Monza, il piano mobilità per il Gp d’Italia 2026: le navette
L’acquisto online del parcheggio e del biglietto navetta è già attivo: “una volta completata la prenotazione, si riceve un QR code da mostrare al personale all’ingresso dell’area di sosta. È possibile acquistare anche in loco, compatibilmente con la disponibilità, utilizzando solo pagamenti digitali“, dice il Comune.
Dalla giornata di venerdì sarà attiva la navetta Nera, il collegamento tra Autodromo e la stazione ferroviaria FS di Monza. Sabato e domenica attive anche le navette Blu e Viola dai rispettivi parcheggi.
Monza, il piano mobilità per il Gp d’Italia 2026: l’autobus Z221
La linea di autobus Z221 nelle giornate di venerdì, sabato e domenica non effettuerà fermate in via Appiani, via Manzoni, corso Milano e via Borgazzi (nel tratto compreso tra viale Campania-Largo Molinetto) “per una migliore gestione degli ingenti flussi di viaggiatori nella stazione di Monza”.
Monza, il piano mobilità per il Gp d’Italia 2026: bici e aggiornementi in tempo reale
Chi vorrà andarà all’autodromo in bicicletta deve prevedere di lasciarla nell’area di parcheggio – gratuita e dedicata – allestita all’accesso di Porta Monza. La collaborazione con le principali piattaforme di navigazione, come Google Maps e Waze, segnalerà in tempo reale chiusure stradali e deviazioni, facilitando l’accesso ai parcheggi senza appesantire la viabilità cittadina.
Monza, il piano mobilità per il Gp d’Italia 2026: la sicurezza, polizia locale e protezione civile
È previsto che sulla città domenica saranno presenti 95 operatori di Polizia locale – di cui 35 da altri Comuni – impegnati nelle operazioni di gestione dell’afflusso del pubblico. Il momento del deflusso vedrà invece impegnati 101 operatori, di cui 30 da altri Comuni.
Inoltre, dal 2023, il Piano stralcio di Protezione Civile dei 5 Comuni coinvolti nella gestione dell’evento è scritto in maniera integrata ed in stretta collaborazione con l’Autodromo e sotto la supervisione della Prefettura di Monza e della Brianza.
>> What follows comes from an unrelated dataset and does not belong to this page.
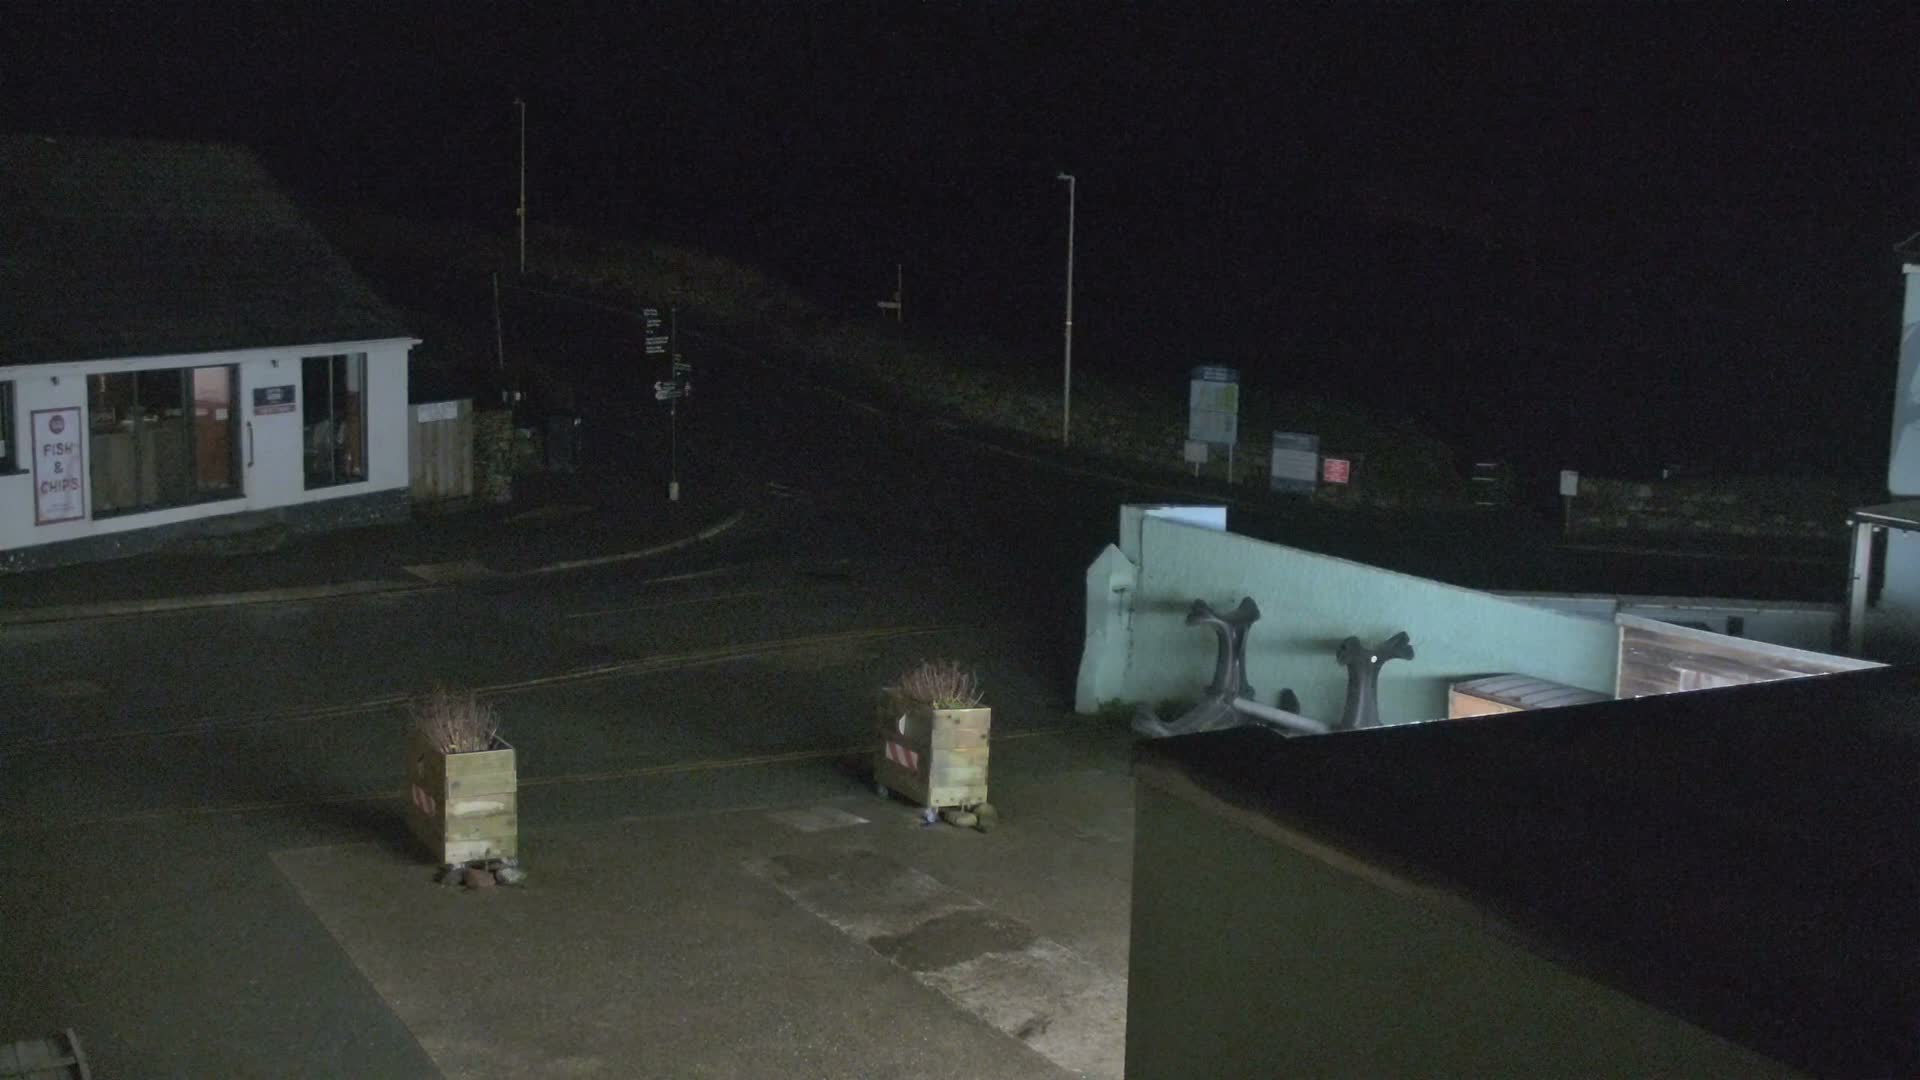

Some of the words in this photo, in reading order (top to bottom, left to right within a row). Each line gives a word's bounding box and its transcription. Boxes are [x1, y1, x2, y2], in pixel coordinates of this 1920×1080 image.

[43, 441, 73, 456] FISH
[54, 461, 63, 474] &
[41, 478, 79, 494] CHIPS
Lo stesso prevede il coordinamento degli interventi sia ordinari che di carattere straordinario attraverso la Centrale Operativa Interforze dell’Autodromo.
Sui territori dei 5 Comuni saranno in servizio complessivamente nei tre giorni circa 400 operatori a partire da venerdì e fino a domenica sera.
Monza, il piano mobilità per il Gp d’Italia 2026: così nel 2025
Nel 2025, il Piano di Mobilità ha gestito il 56% degli spostamenti complessivi degli spettatori nella giornata di domenica, quella con la maggiore affluenza di pubblico e già sold out da settimane per il 2026. Tra questi il 50% ha utilizzato il trasporto pubblico locale (treno o autobus): di questi, il 62% ha scelto il treno per la stazione di Monza proseguendo poi con la navetta nera fino all’Autodromo, il 23% ha optato per il treno verso Biassono e il 15% per gli autobus di linea della Z221.
Il Comune di Monza ha analizzato che, rispetto agli spostamenti complessivi, il 34% ha raggiunto l’evento con mezzo proprio, usufruendo dei parcheggi gestiti da Monza Mobilità, l’8% ha utilizzato autobus GT e il 7% ha fatto ricorso ai servizi di micromobilità in sharing.